Strange that I felt the need to come share here in the wee hours with you tonight. I don't do so easily or elsewhere. I have managed to turn on the waterworks again, for the first time in several weeks, so I will close now. Thanks for listening.

Views: 67

Comment by JustAnotherUserName on April 22, 2012 at 9:29pm

My happiest and saddest moments seem to have been shared here first.  There is comfort here.

Yeah, my friend...there is more.  It comes in tiny droplets...then like a firehose...then a little misty, then back to firehose, and then even more combinations of that.  But it gets more emotionally manageable as time passes.  

As for your mother and your son...I admittedly know nothing of the situation, but I do know this:  never say never.  Life has taught me many harsh lessons and that's on the top of the list.

I'm with you in spirit :-)

xo,

Ruth

Comment by BlancheNoE on April 22, 2012 at 10:14pm

You came here because you smell the empathy.

It also attracts mischievous chigs and wayward badgers sometimes.

*big hug*

-A

Comment by Dana (scribblers sanctuary) on April 22, 2012 at 11:10pm
Ruth - thank you. This would b easier I suspect if I had any idea of what to expect. Thank you for kindnzess and the heads up. :c)

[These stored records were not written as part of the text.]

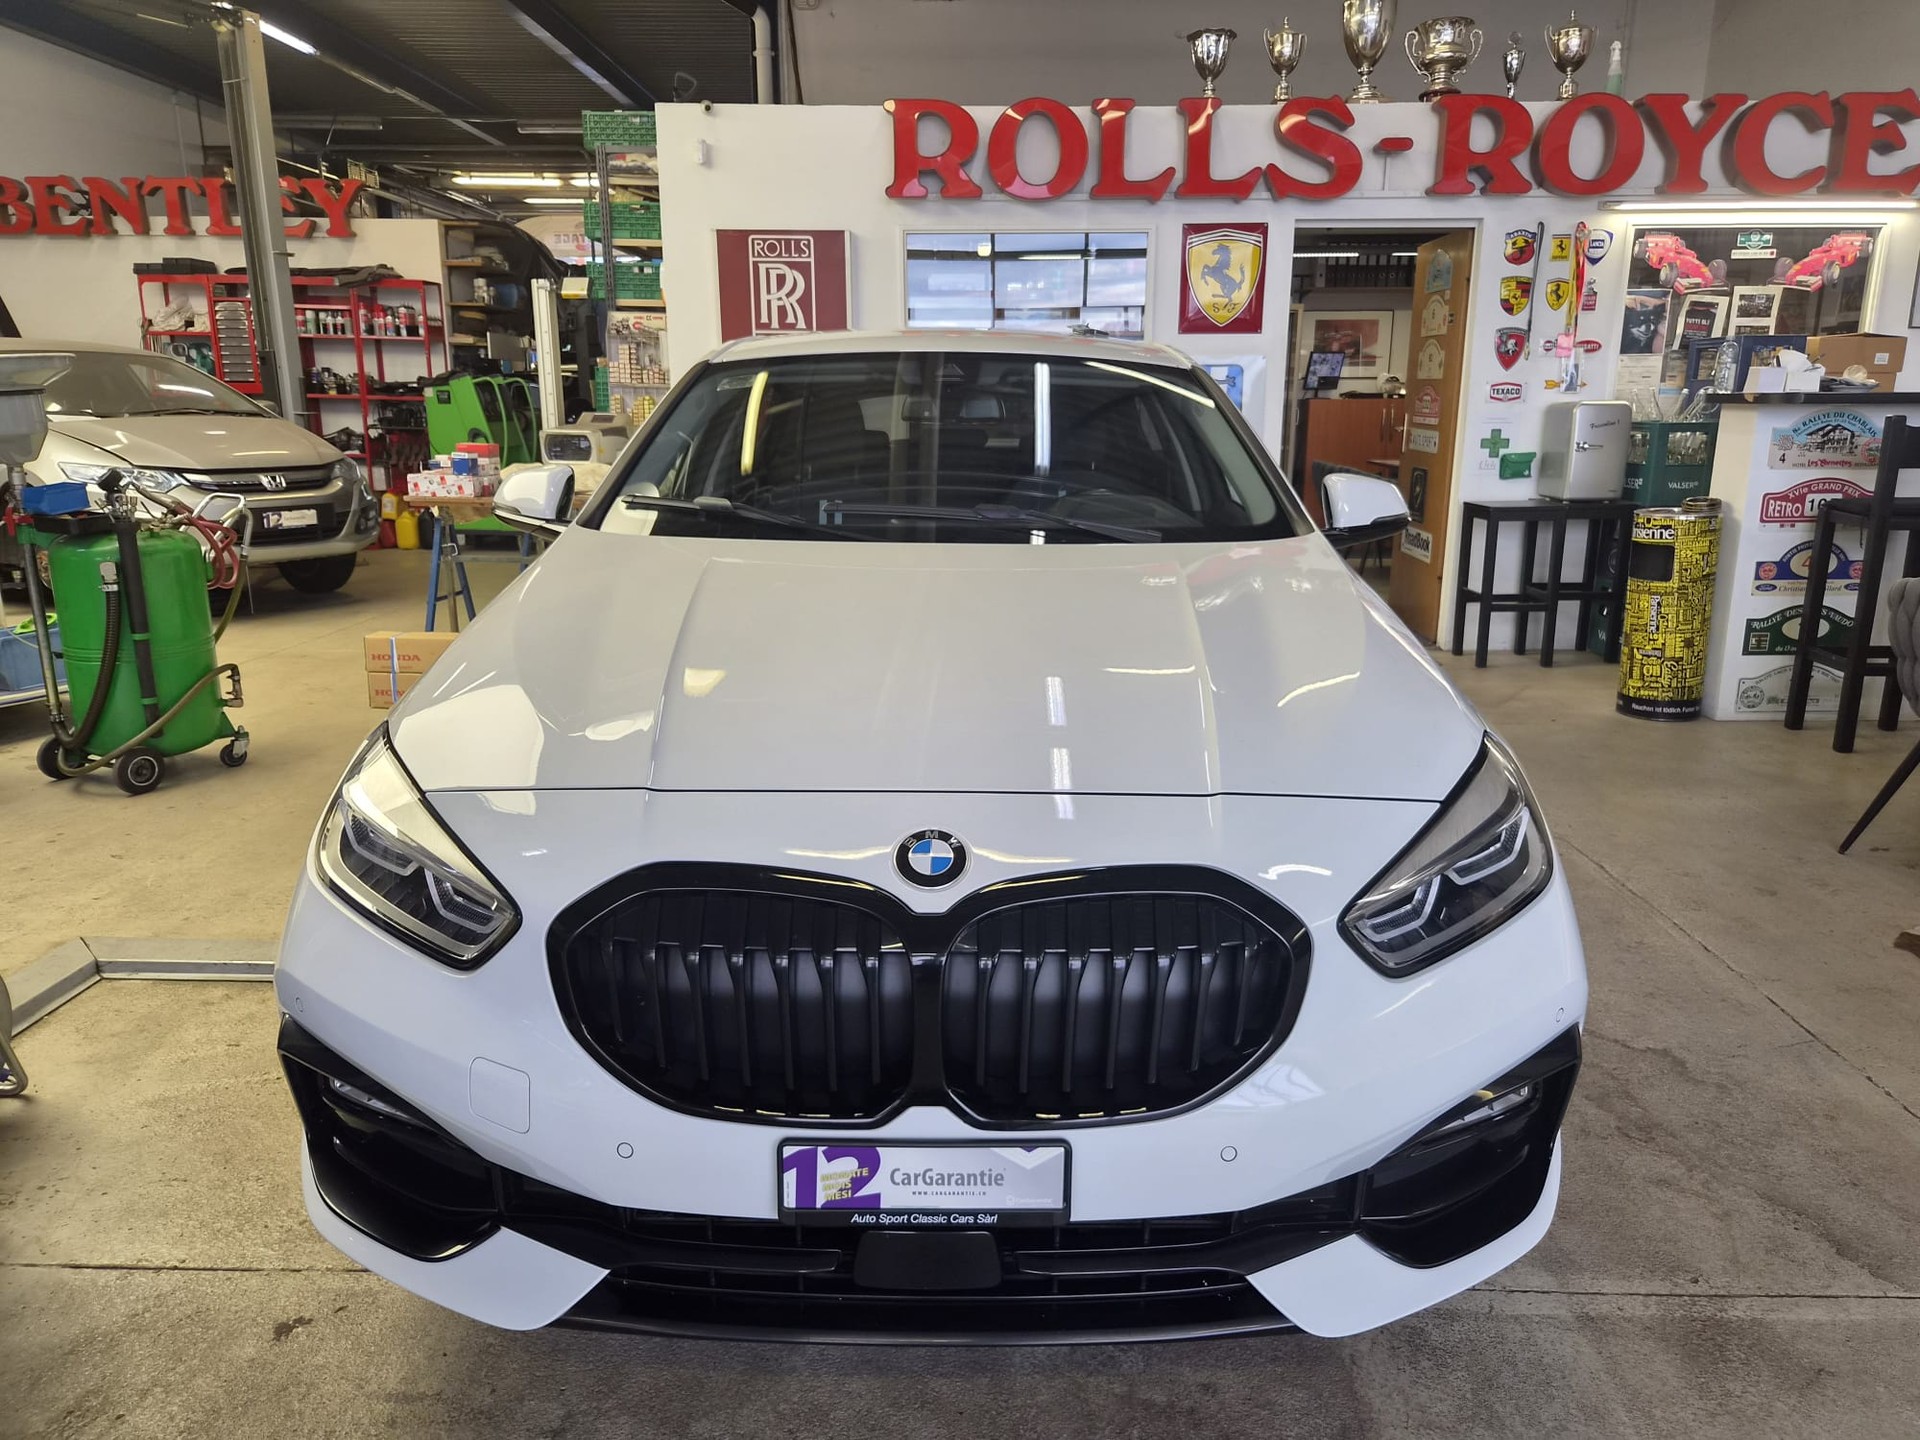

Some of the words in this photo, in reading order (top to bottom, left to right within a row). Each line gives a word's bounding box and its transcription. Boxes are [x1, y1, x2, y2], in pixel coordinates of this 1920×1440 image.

[753, 239, 810, 257] ROLLS
[1491, 386, 1521, 395] TEXACO
[1802, 412, 1831, 427] RALLYE
[1833, 411, 1846, 419] DU
[1847, 413, 1878, 438] CHABLAIS
[1779, 452, 1786, 464] 4
[1811, 482, 1843, 491] GRAND
[1843, 484, 1861, 498] PRIX
[1767, 500, 1802, 518] RETRO
[1751, 613, 1783, 630] RALLYE
[1784, 607, 1804, 618] DES
[1829, 611, 1855, 628] VAUDO
[372, 654, 421, 662] HODA
[903, 830, 961, 849] BMW
[783, 1146, 881, 1208] 12
[890, 1168, 1005, 1187] CarGarantie
[825, 1189, 852, 1201] MESI
[851, 1213, 877, 1224] Auto
[879, 1213, 908, 1225] Sport
[910, 1213, 948, 1224] Classic
[950, 1213, 975, 1224] Cars

Amy - I knew that smell was familiar. I'm sure that there's a scientific study somewhere that says chigs and wayward badgers are good signs of safe places and empathy. All necessary for healing. :c)
Comment by Dana (scribblers sanctuary) on April 25, 2012 at 12:11am
Hiya Paula. Welcome and nice to meet you as well. Thank you for your kindness.
Comment by NatureJunkie on April 26, 2012 at 7:25pm

I have been grieving for an elderly friend who died almost two years ago. Any thought of her brings tears and the tightening in the throat. The conventional wisdom is that it takes a year to overcome a grief. I've found with some it doesn't take even that long, and with others it never seems to pass. But it will. Eventually.

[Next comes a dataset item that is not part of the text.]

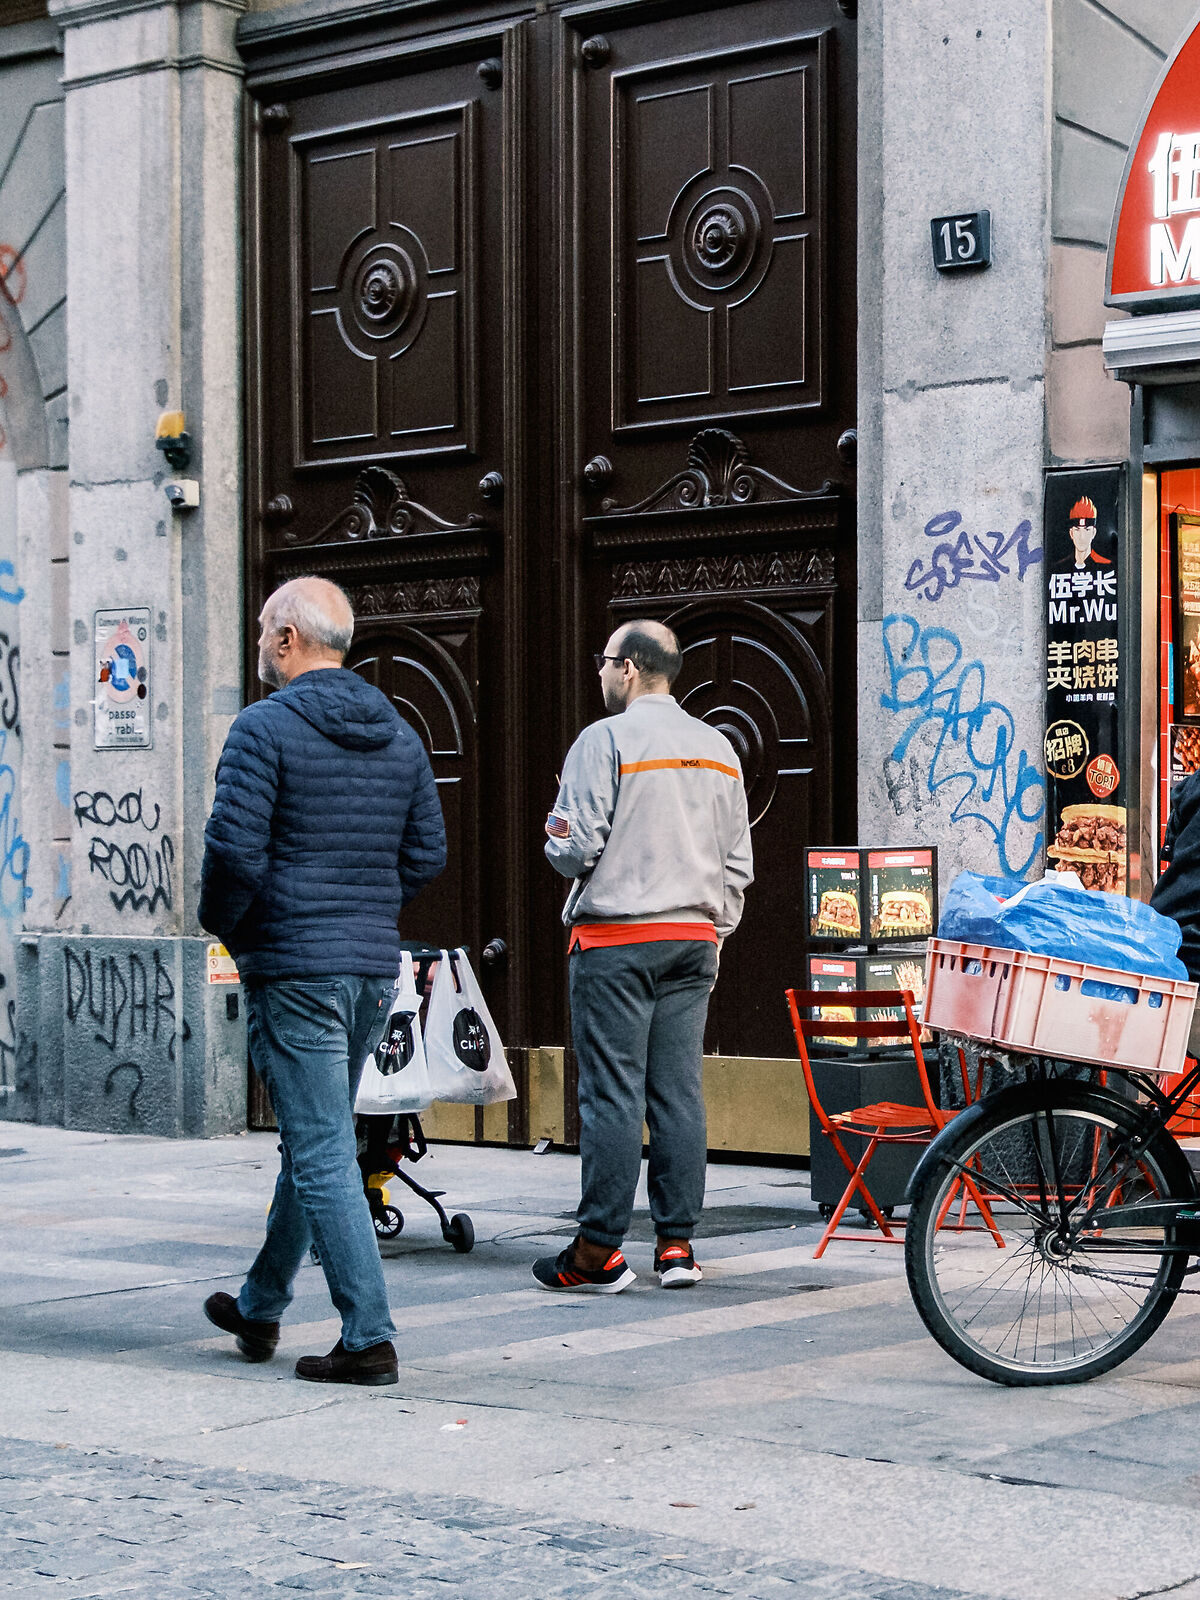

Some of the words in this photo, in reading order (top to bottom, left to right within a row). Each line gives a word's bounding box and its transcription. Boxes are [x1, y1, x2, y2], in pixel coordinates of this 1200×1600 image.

"Where has my "normal" gone?" Don't worry, Dana, it's only on hiatus. Grief and joy take alternate turns in their dominance of normalcy. My heart is with you.

Comment by ThatGirl on April 27, 2012 at 9:37am

@Dana- I don't know what to say without saying too much or too little, but I know your mind/body/spirit are grappling with trauma, and that will tend to put you off balance when/where you don't even realize, like leaving water running, forgetting why you are standing in a place...a sort of out of body state that comes and goes. Loss cannot be "gotten over", really, it's just a matter of adjusting to the change. Afterall, everything you do, everyday, will have a piece of your dad come with it. I also believe Ruth is correct, from experience as well, NEVER say never and the cycle is unpredictable...this IS a safe place at all hours even just to cleanse your writer's mind...and get some kind of validation, you are okay....love d

Comment by Dana (scribblers sanctuary) on April 27, 2012 at 11:43pm
NJ- I'm going to take you at your word. Thank you sweet friend.
TG - You said just enough. I keep coming back here. Reading and re-reading the comfort I find here. "...you are ok..." Thank you for that especially.
Comment by Pypermarru1 on April 28, 2012 at 2:30pm

Everyone is spot on and I have nothing more to add except - I really like seeing your ICON appear in the blog section - I know something interesting is behind it :0)

Comment by Dana (scribblers sanctuary) on April 29, 2012 at 12:54am
Pyper - thank you sweet friend. This is definitely my safe place.